At one point in time, the any implication that the Pale King saw them as his hatchling might have once brought them great comfort- but now, with their head throbbing from a battle that he created, their mentor’s presence fading more with each passing minute, they weren’t sure what to feel. Even while Lurien and Herrah argued over what to do next, waffling between keeping them in Deepnest to ride out the storm before the raid on the Soul Sanctum (Lurien’s idea), or storming the castle to demand an answer from either the Pale King or the White Lady (Herrah’s), they remained uncertain of how to feel, torn between the loyalty they had always known and the burgeoning doubt beginning to blossom in their chest.

Father was always right. But was he now, when he risked the balance of the realms to drive their teacher away? Had he been right, when he stole the moths from the Radiance, and condemned his future subjects to suffer under Her wrath? Had he been right when he first cast the eggs of their siblings down into the Abyss, pursuing a prophecy that promised eternity in exchange for the lives of millions of hatchlings? Had he been right when he commanded them to kill him, to drive their nail through his hearts when they were still too weak from their wounds to stand without his aid?

Whatever it was, they didn’t have time to think about it. Nor did either of the ex-Dreamers had the chance to ask them for any more info on the matter, as something surged up from the depths of their soul, something too fast and too wild for them to seize control over.

Searing pain scorched through their mind- not like the agony that had afflicted them under Her touch, that burning-bright punishment that had become their world after the Sealing. No, this pain was the lash of taut cords breaking, of rusted chains slithering over raw flesh as they were torn free. They jerked backwards at the agony of it, clawing at the point of their mask, but the snap of pain was gone just as quickly as it came, leaving nothing more than torn-open scars behind.

Oh. And their body was slumped over the table, lifeless void still trailing from their eyes as they hovered over it. No new damage marred its frame, but the glyphs that had once kept their shade bound to their carapace were now flickering weakly against their mask. The Pale King's spell to keep their darkness at bay had been torn wide open, and now they were free to do whatever they pleased, free to wander away from their broken shell to rejoin the waters of the deep.

(Free. Free.)

(They could go home again. At last, they were finally free.)

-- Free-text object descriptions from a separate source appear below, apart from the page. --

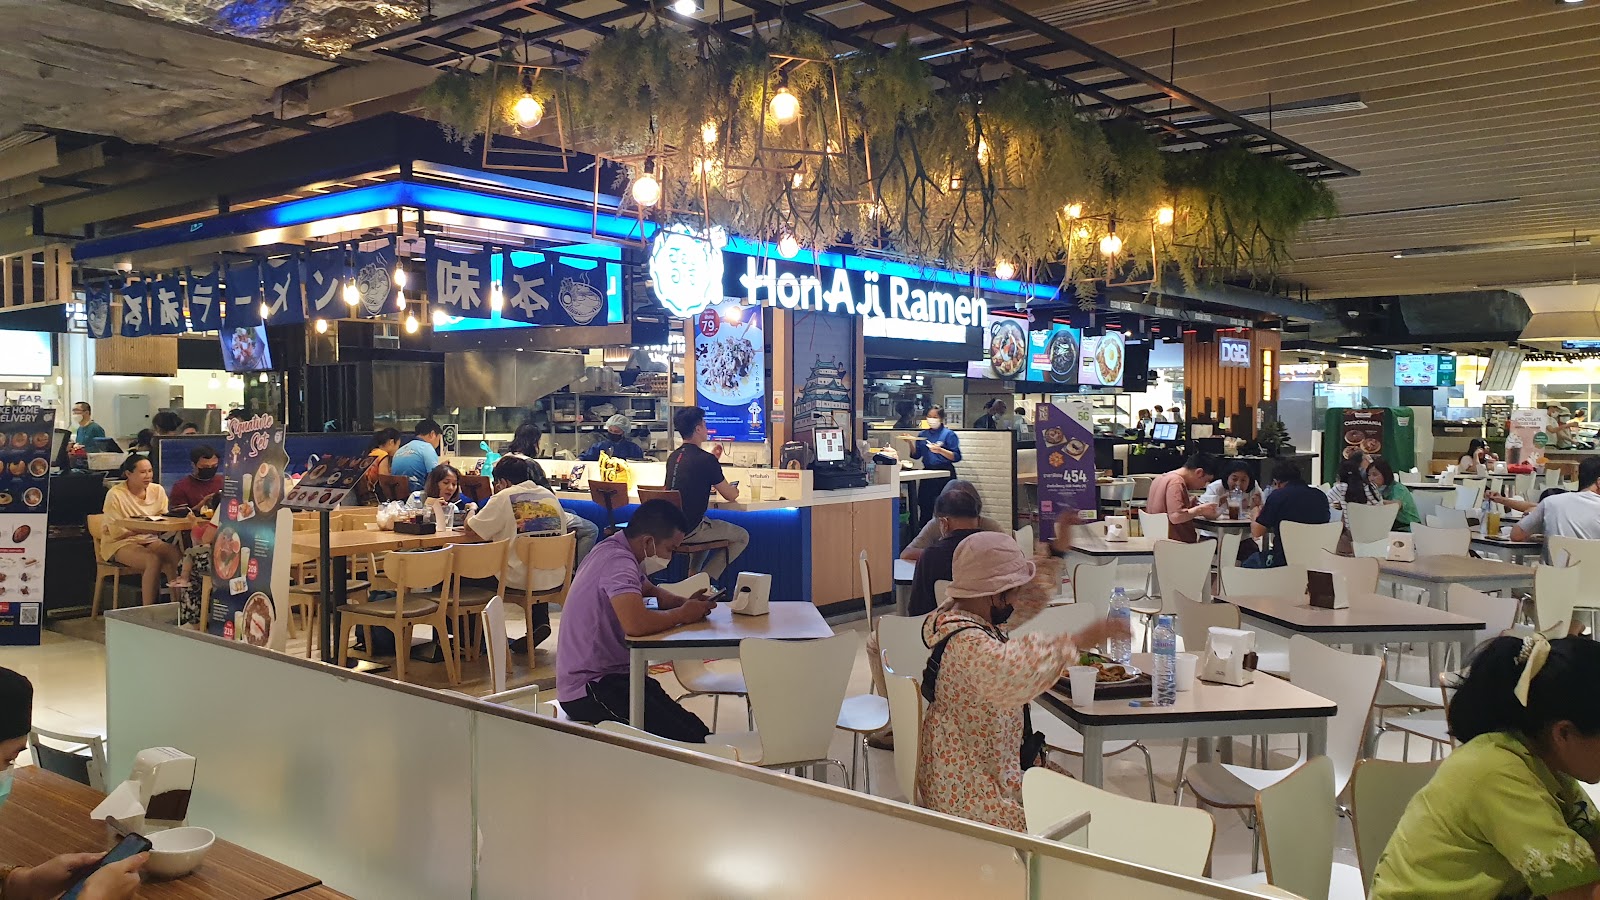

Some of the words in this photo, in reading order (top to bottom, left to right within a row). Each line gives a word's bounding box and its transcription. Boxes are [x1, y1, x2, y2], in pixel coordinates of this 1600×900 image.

[889, 275, 989, 328] Ramen
[12, 406, 40, 414] HOME
[1077, 411, 1090, 421] 5G
[226, 413, 274, 441] Signature
[249, 431, 270, 457] Set

That was the least of their worries, however. Their shade felt...different. They had been very young the last time they lost their body, but they couldn't remember the gaseous form of their void being this light before, this unburdened by regret. Even when they were naught but a hatchling, they had been a creature of regret, and that regret had manifested itself as violence against the Pale King and all his subjects. They didn't know why they did it, why they felt compelled to lash out when the luminous ones came close. But they had.

But now they did not.

...Something was calling them. Something was pulling them down into the deep, something that was at once achingly familiar and terrifyingly alien. It wrapped its influence around their shade with fragile strength, tugging their essence towards the Abyss. They angled their head downwards, wispy shadow drifting off of their form, and heard themselves in the echo of its call, a haunting melody that shivered through the silence in between existence and the nothingness.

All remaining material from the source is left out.